I've been in education for most of my adult life, and for the most part we educators mean well, we really do. However, we tend to be thinkers and idea people, and perhaps that causes us to unnecessarily complicate things or as an old coaching friend of mine used to say "make the routine look impossible." As my team and I go further down this road of Poverty Informed Practice, it seems more and more clear to me the solutions we are seeking are not complicated, they are just hard. I had another topic in mind in mind this week, but a late Friday afternoon planning meeting put me in this mindset, so I'd like to talk more about putting first things first.
Last week, on Friday, I was part of a team working on what our Resource Development (aka grants) department calls Compression Planning. It's a nifty little method for putting together successful grants in a relatively short time and like many planning processes, it involves generating ideas and using an affinity process, and we love to put sticky dots on post-its to identify priorities (just the way everyone spends a Friday, right?). I admit up front, I'm not awesome in planning meetings that move fast (I like to think my ideas are deep, but maybe they are just basic, or maybe I'm just old and grumpy:)), but I have been in numerous meetings like this over the years, and it is remarkable how often my dots go on post-it's no one else chooses. I was trying hard to stay open-minded during the discussion Friday, but I'm struggling with discussions of "systems change vs band aids", and incremental processes. I even caught myself creating a "Triangle of Poverty Informed Practice" that might have been cool and borrowed liberally from Bloom's Domains of Learning, but I just kept coming back to how much does any of it matter when people can't get enough to eat or a secure place to sleep?

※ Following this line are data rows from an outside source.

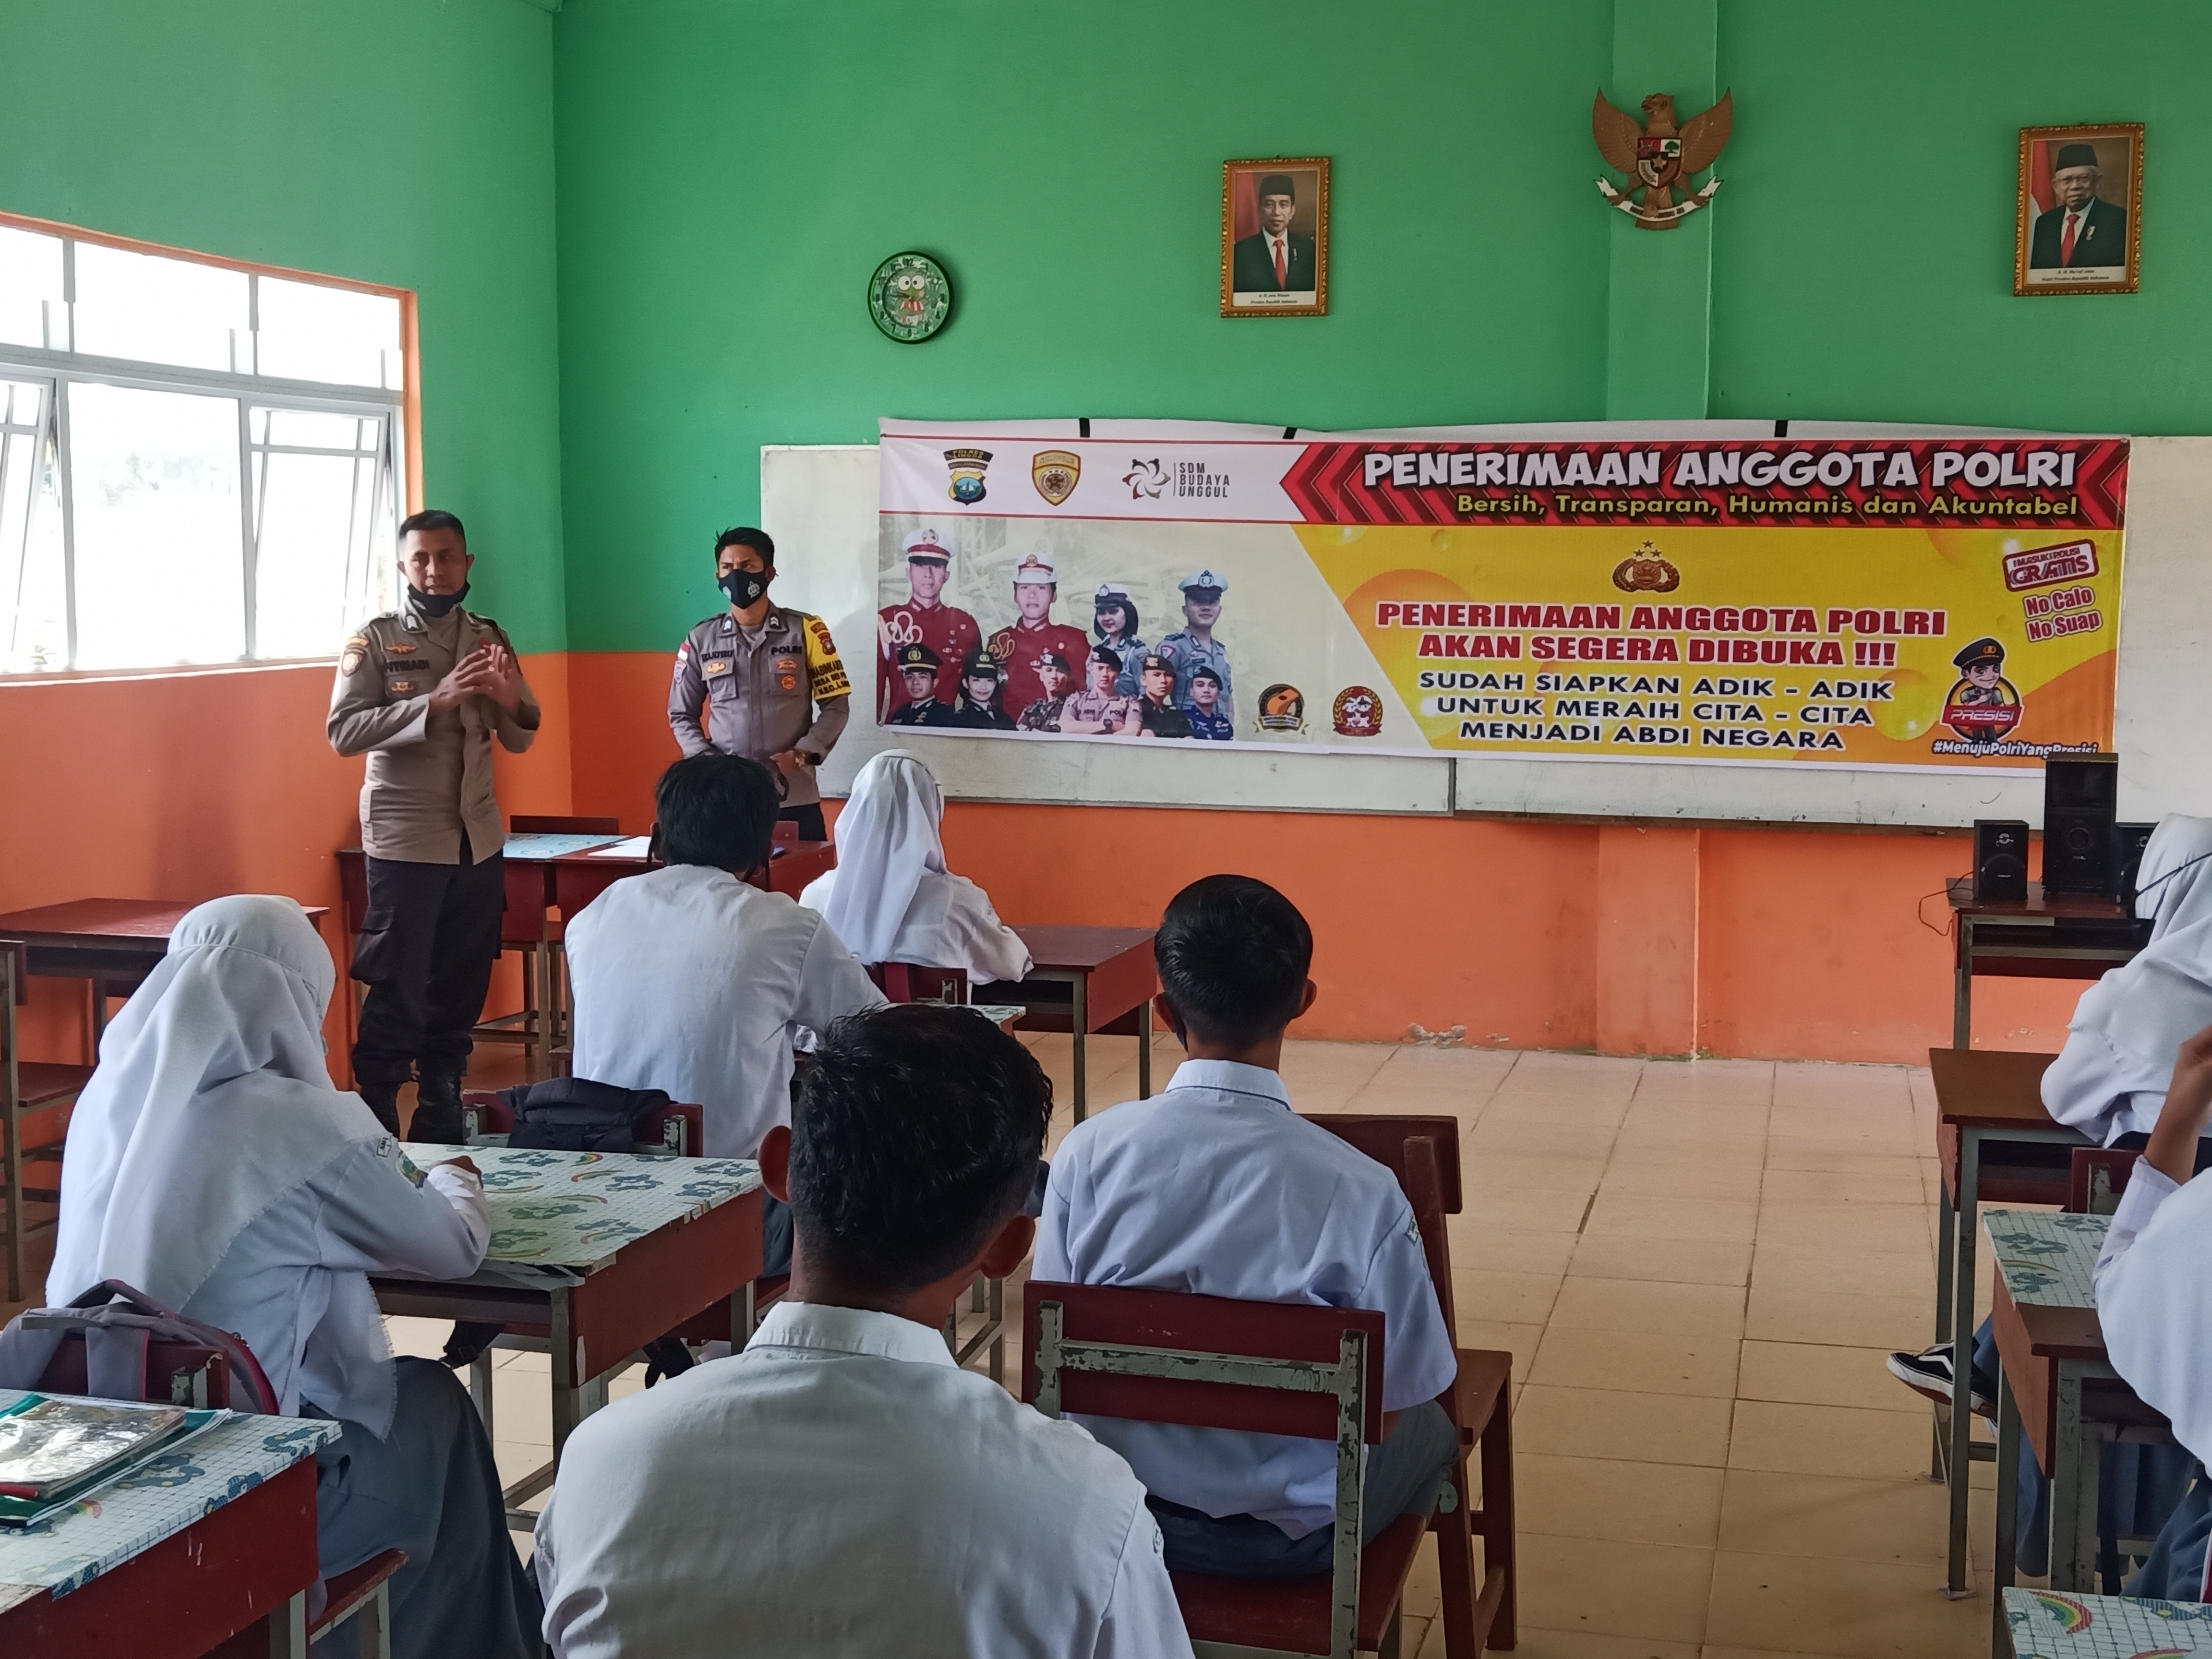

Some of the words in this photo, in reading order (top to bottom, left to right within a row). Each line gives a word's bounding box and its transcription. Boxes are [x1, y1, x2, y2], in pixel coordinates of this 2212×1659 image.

[1179, 462, 1205, 473] SDM
[1180, 474, 1229, 485] BUDAYA
[1365, 452, 1660, 486] PENERIMAAN
[1672, 451, 1919, 487] ANGGOTA
[1932, 451, 2076, 487] POLRI
[1179, 486, 1228, 497] UNGGUL
[1458, 495, 1545, 515] Bersih,
[1555, 495, 1718, 517] Transparan,
[1730, 495, 1852, 514] Humanis
[1864, 495, 1916, 514] dan
[1928, 495, 2077, 515] Akuntabel
[2011, 555, 2090, 584] GRATIS
[2025, 598, 2050, 615] No
[2052, 589, 2092, 610] Calo
[1378, 603, 1620, 629] PENERIMAAN
[1630, 607, 1818, 632] ANGGOTA
[1828, 610, 1945, 635] POLRI
[2028, 622, 2052, 639] No
[2055, 612, 2100, 634] Suap
[1419, 634, 1521, 658] AKAN
[1531, 636, 1679, 661] SEGERA
[1689, 639, 1844, 665] DIBUKA
[1854, 642, 1896, 666] !!!
[1419, 672, 1523, 690] SUDAH
[1536, 675, 1679, 694] SIAPKAN
[1693, 678, 1773, 696] ADIK
[1810, 681, 1892, 699] ADIK
[1437, 697, 1543, 715] UNTUK
[1556, 700, 1679, 719] MERAIH
[1693, 703, 1764, 721] CITA
[1800, 706, 1872, 724] CITA
[1950, 709, 2015, 721] PRESISI
[1460, 721, 1600, 741] MENJADI
[1613, 726, 1689, 744] ABDI
[1703, 729, 1843, 749] NEGARA
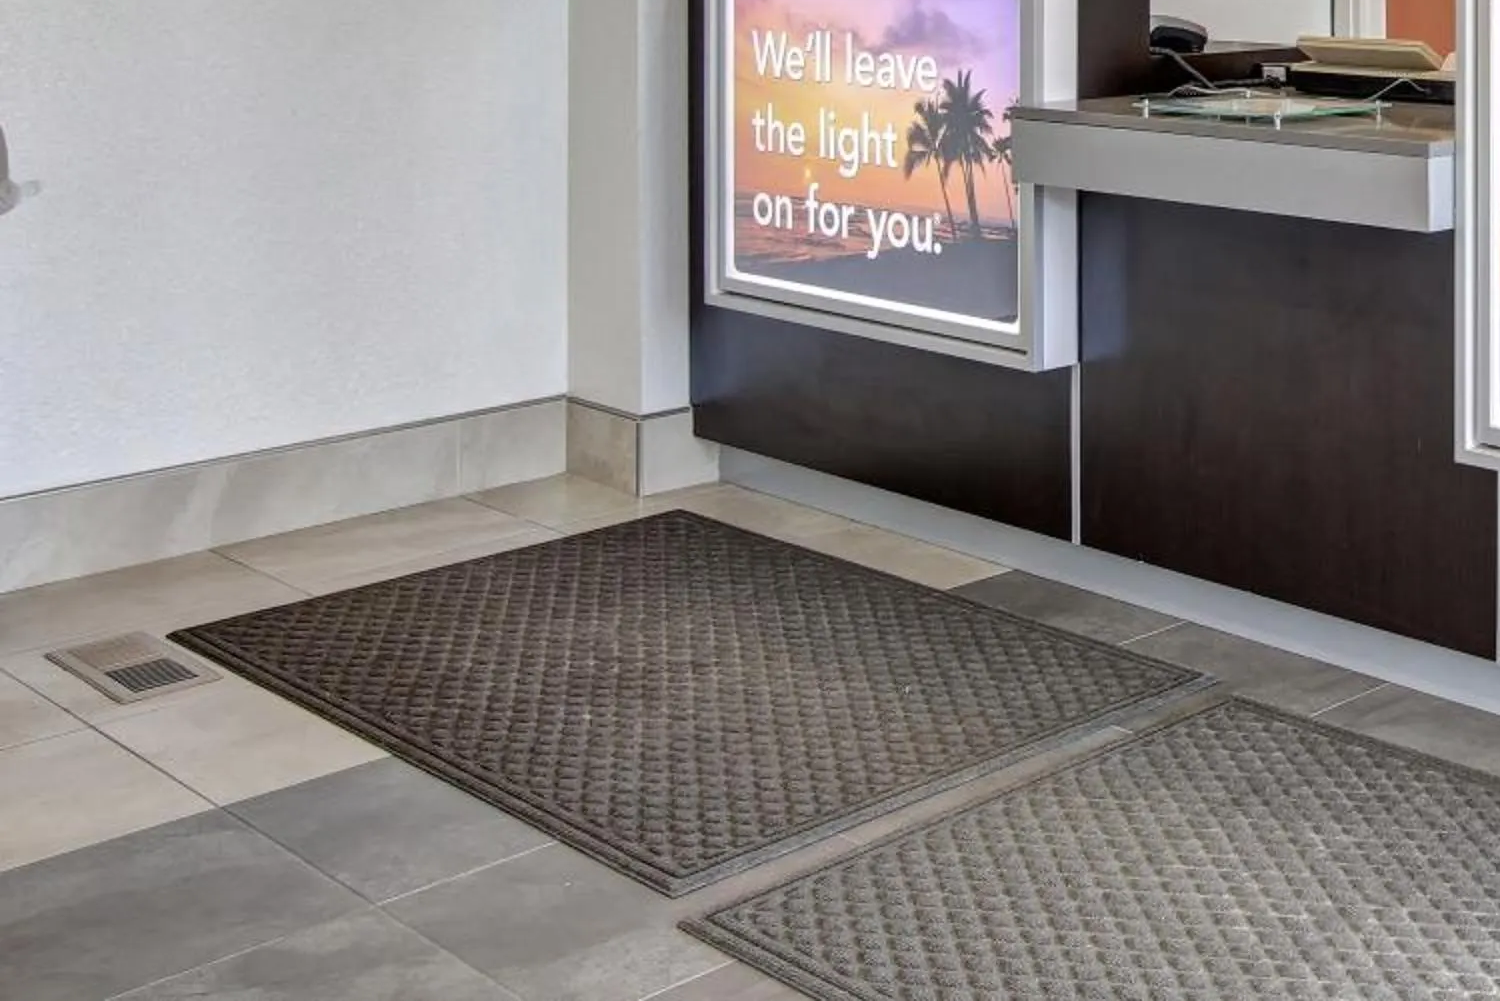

A Twitter friend shared a slide from a presentation by Dr. Sara Goldrick-Rab recently(hence my amateur screen shot photo), and it stopped me in my tracks. Half our students who are failing are food and/or housing insecure...Half! I think it would be hard to find anything else that 50% of our failing students have in common. To me it screams for action, not deliberation. It kind of renders irrelevant the idea of whether we address systemic issues or individuals first, the answer is obviously neither can wait! I've often heard Dr. Goldrick-Rab say we can't food pantry our way out of this issue, but she acknowledges a pantry is a start. The danger is if we think we are done and pat ourselves on the back... I'll note it again, 50% of failing students are struggling with housing and/or food. By the way that number isn't much different for our students overall.
Occasionally when I go to write this over the weekend, a little gift pops up to make my point better than I can. This morning my television brought the leader of the #RealCollege movement to my television set. Her video is above, and she makes the case so effectively that we need to start with basic needs or at the very least acknowledge that any student success effort that doesn't address basic needs puts 50% of the people you are trying to help at a serious disadvantage. Our vision of Poverty Informed practice doesn't have much time for lengthy debates about things like the importance and prioritization of appropriate rigor vs great teaching (that really happened by the way). All those topics are important, but we think you start with a foundation of basic needs. When we talk about removing barriers (every one we can), those have to get priority. But, we also have to have the courage to walk and chew gum, meaning we address basic needs as a default, but we never stop there. Our vision of Poverty Informed practice says you must build experiences and systems that acknowledge students' strengths, suspend judgment, and look forward relentlessly. And lastly, we believe that respect for students means we take every opportunity accelerate their path to success and stability. They have waited long enough.
I want to leave with another story that happened Friday. A student I met while doing some connecting with the homeless community near campus, reached out to me through another student to ask for help. He has cancer... he's afraid to go to the doctor alone and the people he thought of going with him were me or my Associate Dean because he doesn't really have other support. I'm calling him tomorrow to make the appointment, and we will go together. So in one day, I saw the macro and micro of what we are doing. It all matters but if we don't start with first things first, we will not succeed, and we must succeed.